I'm setting up an azure function with ADAL authentication and I have one issue with pulumi because the function app needs the ad app to be created and then the ad app needs the function app to be created in order to set the reply url.
const adAppName = `${projectName}-${env}`
const adApp = new azuread.Application(adAppName, {
name: adAppName,
requiredResourceAccesses: [
{
resourceAccesses: [
{
id: "311a71cc-e848-46a1-bdf8-97ff7156d8e6",
type: "Scope",
},
],
resourceAppId: "00000002-0000-0000-c000-000000000000",
}
],
replyUrls: [ 'https://myapp.azurewebsites.net/.auth/login/aad/callback' ] // This url is hardcoded
});
const appFunctionName = `${projectName}-${env}`;
const appFunction = new azure.appservice.FunctionApp(appFunctionName, {
...resourceGroupArgs,
name: appFunctionName,
appServicePlanId: appServicePlan.id,
authSettings: {
enabled: true,
unauthenticatedClientAction: 'RedirectToLoginPage',
defaultProvider: 'AzureActiveDirectory',
issuer: `https://sts.windows.net/${azure.config.tenantId}/`,
activeDirectory: {
clientId: adApp.applicationId
}
},
storageConnectionString: storageAccount.primaryConnectionString,
version: '~2',
appSettings: appSettings,
});
How do we solve this kind of circular reference? I'd like to have the replyUrls created with the value of the appFunction url.
Thanks
I think there's no way to fix this circular dependency.

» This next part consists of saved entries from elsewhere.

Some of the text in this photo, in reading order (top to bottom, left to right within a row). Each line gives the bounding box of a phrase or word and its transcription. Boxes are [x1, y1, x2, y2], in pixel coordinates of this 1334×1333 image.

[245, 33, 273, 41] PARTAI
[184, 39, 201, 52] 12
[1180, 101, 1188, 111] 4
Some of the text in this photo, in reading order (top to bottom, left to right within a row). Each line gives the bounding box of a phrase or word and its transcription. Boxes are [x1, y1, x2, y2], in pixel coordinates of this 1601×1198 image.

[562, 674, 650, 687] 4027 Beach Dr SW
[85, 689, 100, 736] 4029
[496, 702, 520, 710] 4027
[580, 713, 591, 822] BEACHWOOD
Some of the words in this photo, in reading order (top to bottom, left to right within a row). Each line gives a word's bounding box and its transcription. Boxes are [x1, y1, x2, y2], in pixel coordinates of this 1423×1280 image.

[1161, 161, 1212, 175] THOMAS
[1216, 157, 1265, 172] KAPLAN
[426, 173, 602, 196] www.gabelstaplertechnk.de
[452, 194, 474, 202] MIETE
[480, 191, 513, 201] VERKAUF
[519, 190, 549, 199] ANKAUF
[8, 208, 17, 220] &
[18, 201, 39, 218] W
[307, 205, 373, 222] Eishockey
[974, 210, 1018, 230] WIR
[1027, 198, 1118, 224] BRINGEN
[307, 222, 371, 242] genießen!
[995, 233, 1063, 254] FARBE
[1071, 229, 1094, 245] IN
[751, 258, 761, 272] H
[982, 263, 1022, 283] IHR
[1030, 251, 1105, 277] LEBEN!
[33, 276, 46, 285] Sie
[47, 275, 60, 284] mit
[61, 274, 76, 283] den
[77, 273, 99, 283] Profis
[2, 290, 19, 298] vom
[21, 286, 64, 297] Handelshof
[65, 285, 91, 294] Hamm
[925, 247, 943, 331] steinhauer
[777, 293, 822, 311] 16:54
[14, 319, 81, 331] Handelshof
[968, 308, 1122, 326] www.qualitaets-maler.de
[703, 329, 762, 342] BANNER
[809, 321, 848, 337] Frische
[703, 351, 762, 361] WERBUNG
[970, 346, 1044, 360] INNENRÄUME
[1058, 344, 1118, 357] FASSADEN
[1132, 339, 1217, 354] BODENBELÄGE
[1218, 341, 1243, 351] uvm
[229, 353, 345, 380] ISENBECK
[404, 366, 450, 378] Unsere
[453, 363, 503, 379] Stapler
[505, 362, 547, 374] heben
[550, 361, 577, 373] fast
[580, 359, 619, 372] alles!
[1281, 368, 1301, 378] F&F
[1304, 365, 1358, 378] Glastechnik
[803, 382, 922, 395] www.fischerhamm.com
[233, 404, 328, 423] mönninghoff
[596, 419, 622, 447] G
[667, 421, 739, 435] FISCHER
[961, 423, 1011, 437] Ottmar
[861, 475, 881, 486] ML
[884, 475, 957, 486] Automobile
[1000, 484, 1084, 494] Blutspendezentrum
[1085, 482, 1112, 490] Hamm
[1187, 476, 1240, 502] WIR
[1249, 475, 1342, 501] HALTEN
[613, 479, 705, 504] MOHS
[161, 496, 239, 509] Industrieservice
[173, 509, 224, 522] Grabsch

But since you have a fixed name for the App Service, its URL is predictable. You can move your appFunctionName declaration to the top and then use it in the replyUrls assignment:
replyUrls: [ `https://${appFunctionName}.azurewebsites.net/.auth/login/aad/callback` ]
I don't see much downside of doing so. You would have to format this URL regardless, now you only get an extra .azurewebsites.net bit in it compared to using defaultHostName.